This week, the outrage - and it's a real one - is that in the wake of oral arguments, Supreme Court watchers are saying that there are five votes on the Court to strike down Section 5 of the Voting Rights Act, the one that requires areas with a history of racial discrimination in voting practices to pre-clear any changes with the Justice Department.
Most, but not all, of those areas are in the South. Right now, Section 5 covers all of Alaska, Arizona, Louisiana, Mississippi, and South Carolina; almost all of Alabama, Georgia, and Texas; a good hunk of Virginia; and parts of California, Florida, New York, North Carolina, South Dakota, and Michigan.
There is another section of the law which will probably survive: Cases under Section 2 of the law can be brought against any jurisdiction in the country - but they are much more expensive and they are after-the-fact; that is, the Justice Department has to wait until after the discrimination has already occurred and can prove an on-going pattern of discrimination before it can act.
The case at hand is Shelby County v. Holder. Shelby County, Alabama argues not only that it should no longer be considered under Section 5, which other jurisdictions have done before, sometimes successfully, but also that - and this is the crux of the matter - Congress’ 2006 renewal of the act was unconstitutional because it relied on outdated voting data to determine which jurisdictions should be covered by the provision. That is, Shelby County is not just arguing it should not have to pre-clear changes and not even that Section 5 should be struck down but that the entire law should be - which is why I say Section 2 will "probably" survive, but you never can tell with this Court.
The US Court of Appeals ruled against Shelby County after reexamining the evidence that Congress used in deciding to renew the act. In its decision, the court noted that 81% of the cases in the past 40 years where discrimination was found occurred in districts covered by Section 5.
But that, apparently, is of no concern to the reactionary buffoons who make up the majority of the Supreme Court, whose notion of how you deal with racism is to simply, essentially, declare it no longer exists.

Justice Anthony Kennedy echoed Roberts' "no longer needed" tack by treating Section 5 - and by extension, racism - as a relic of a time long gone. "The Marshall Plan was very good, too - the Northwest Ordinance, the Morrill Act - but times change," he said.

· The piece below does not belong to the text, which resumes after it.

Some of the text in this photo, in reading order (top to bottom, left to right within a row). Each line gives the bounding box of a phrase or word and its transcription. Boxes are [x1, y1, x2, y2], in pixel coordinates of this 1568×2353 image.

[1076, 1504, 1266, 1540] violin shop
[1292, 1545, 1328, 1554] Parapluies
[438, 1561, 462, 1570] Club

You likely already know that Scalia is a thoroughgoing scumbag; what you may not know is that he is ineligible for the Clown Award because I thought including him would be unfair to all the other potential clowns. I mean, really, have you actually read any of his decisions? I can't imagine how he got this reputation as a great legal mind. The guy is a dork! Sure, he can quote case law - which would seem to be a baseline requirement for competency for a Supreme Court justice - but his arguments often read like a concoction of sloganeering and non sequiturs.
In the immortal words of Bugs Bunny, what a maroon.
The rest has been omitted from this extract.